Is rationalism at the heart of your definition of religion? If all religions adopted rationality and became evidence based, we’d wind up with a bunch of deists, but that’s about it. What we have today ranges from the fundamentalists, who will believe the Bible no matter what we find, to those groups who basically admit that there was no Adam and Eve, but still think they ate the forbidden fruit,. to reform Judaism who rewrites Biblical commentary to reflect the latest findings in archeology, but who still finds God in there somewhere.

Look: Joey the Rat is NOT the RCC’s “most socially inept adherent”; he’s freakin’ Pope. And while the RCC isn’t exactly majority-rule, they can’t rule without some popular support: he wouldn’t be Pope if 99.9% of the Church was against him.

Agreed, up to the point where you jumped the track and anthropomorphized religion by saying it did something. The fault lies in the adherents.

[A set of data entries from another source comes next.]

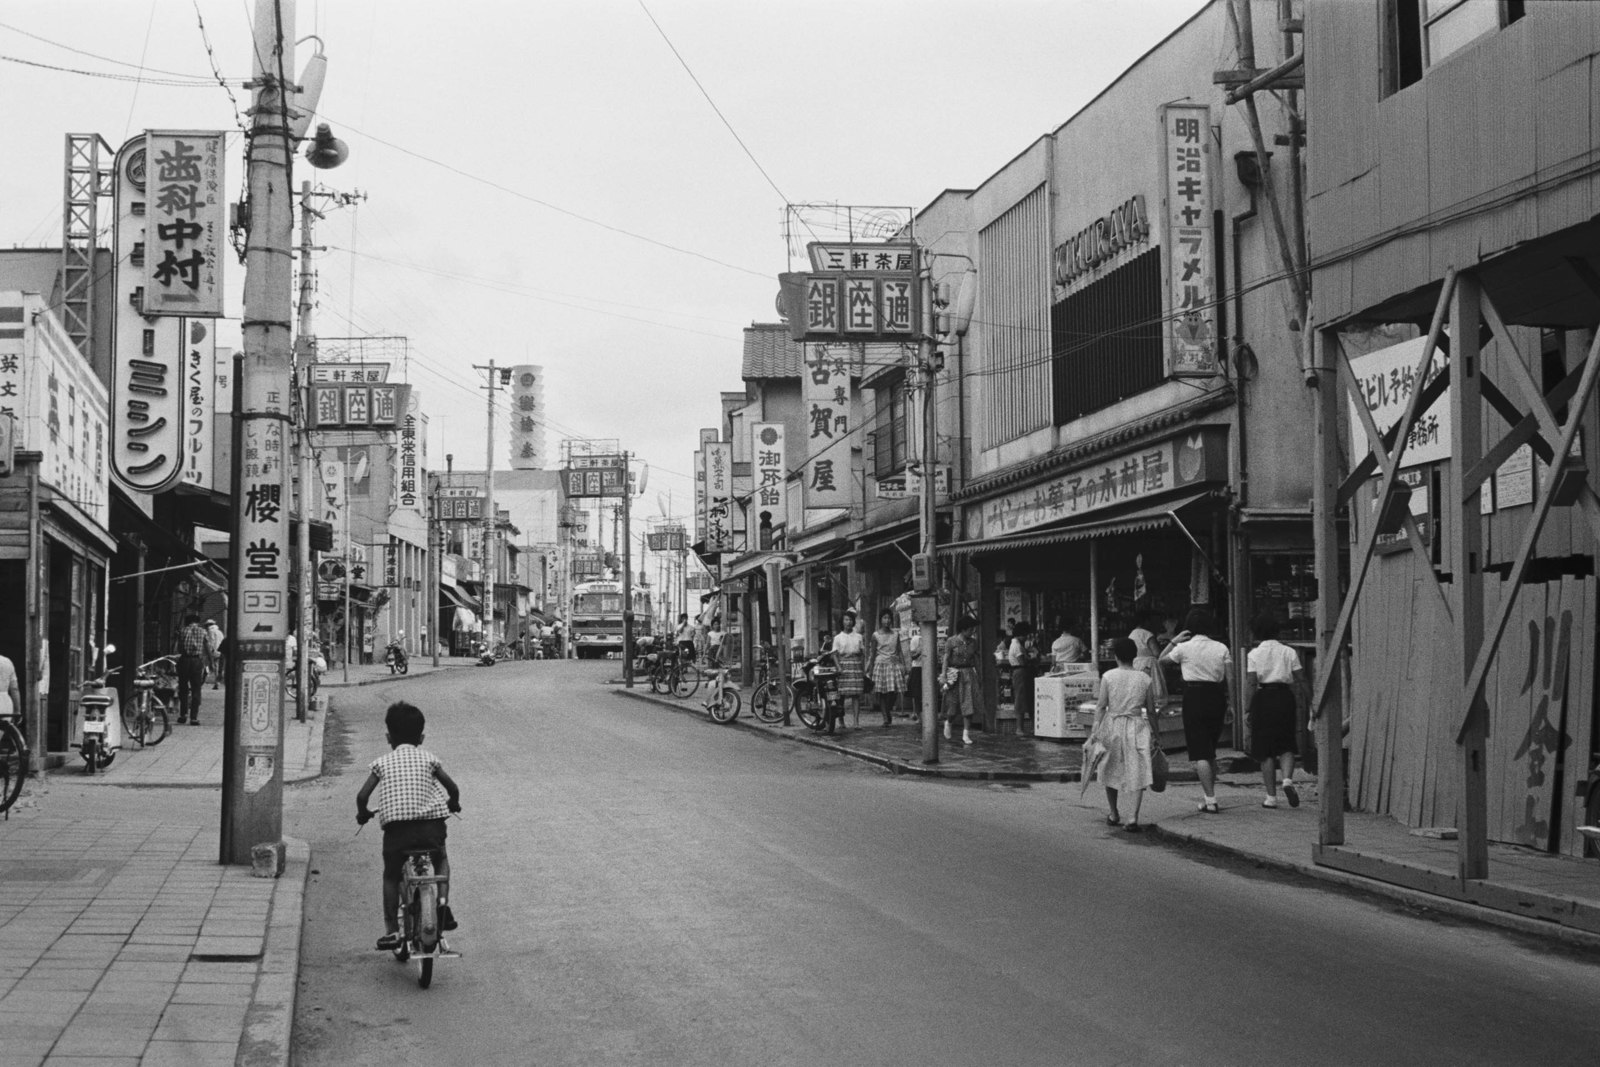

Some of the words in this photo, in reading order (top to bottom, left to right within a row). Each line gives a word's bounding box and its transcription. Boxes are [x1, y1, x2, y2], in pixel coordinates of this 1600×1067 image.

[1054, 194, 1147, 286] KIMURAYA
[1175, 118, 1204, 309] 明治キャラメル
[828, 252, 913, 270] 三軒茶屋
[809, 281, 909, 329] 銀座通
[316, 369, 380, 382] 三軒茶屋
[320, 389, 394, 423] 銀座通
[808, 351, 836, 492] 古賀屋
[245, 407, 260, 478] しい眼鏡
[400, 413, 417, 505] 全東栄信用組合
[325, 483, 338, 520] ヤマハ
[758, 450, 782, 507] 御所飴
[245, 483, 280, 579] 櫻堂
[248, 595, 276, 608] ココ

Anything can be used as a tool for evil. Care to start railing against rock and roll music, and comic books next? Hell, a screwdriver makes a great tool for evil. But the fault doesn’t lie with the screwdriver. It’s inanimate.

Can a religion be founded by people, and in its original form, hold ideas that other people find immoral? Sure. You can build badness into any structure. You can write a comic book espousing white slavery - that doesn’t mean the medium is inherently bad, or that all comic books are evil.

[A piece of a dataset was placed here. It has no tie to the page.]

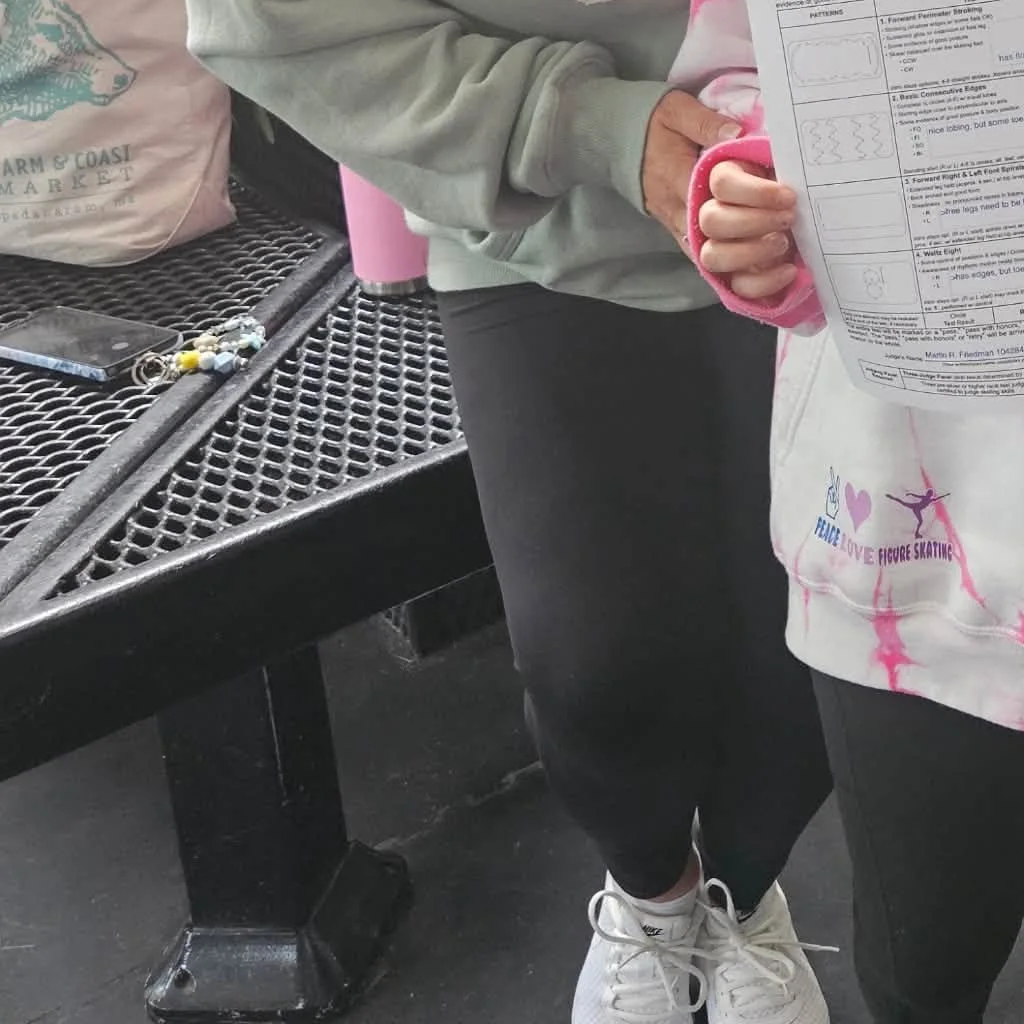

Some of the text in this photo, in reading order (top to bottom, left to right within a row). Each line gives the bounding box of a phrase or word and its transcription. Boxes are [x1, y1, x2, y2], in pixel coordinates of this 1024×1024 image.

Rationalism is neither excluded or included explicitly in the definition of religion. Irrationality is a Bad Thing. Some people are irrational about their religion, and That’s Bad. Religion itself is not inherently one or the other, though.

No it doesn’t - it can’t. Knowledge cannot come from faith.

Yes it is; without that, there is no religion, in most cases. If you don’t believe the Bible/Koran/whatever, there’s no reason to be a Christian/Muslim/whatever.

I disagree ( surprise ! :slight_smile: ). The people who try to do good, constructive things with religion are the ones trying to corrupt it, by making something fundamentally evil and destructive useful. That’s why they thend to do badly at it; religion is not the proper tool to do good with.

The standard “it’s just a tiny minority” speech, which I don’t believe for a moment. The widespread support for banning gay marriage is an example of mass religious bigotry at work.

No. Any sufficiently complex social structure has a abstract existence of it’s own ( IMHO ), like the economy or the government - or religion. It has it’s own purpose, much like a virus. It hijacks minds to make them it’s tools.

Religion is irrational by definition, since it’s based on faith.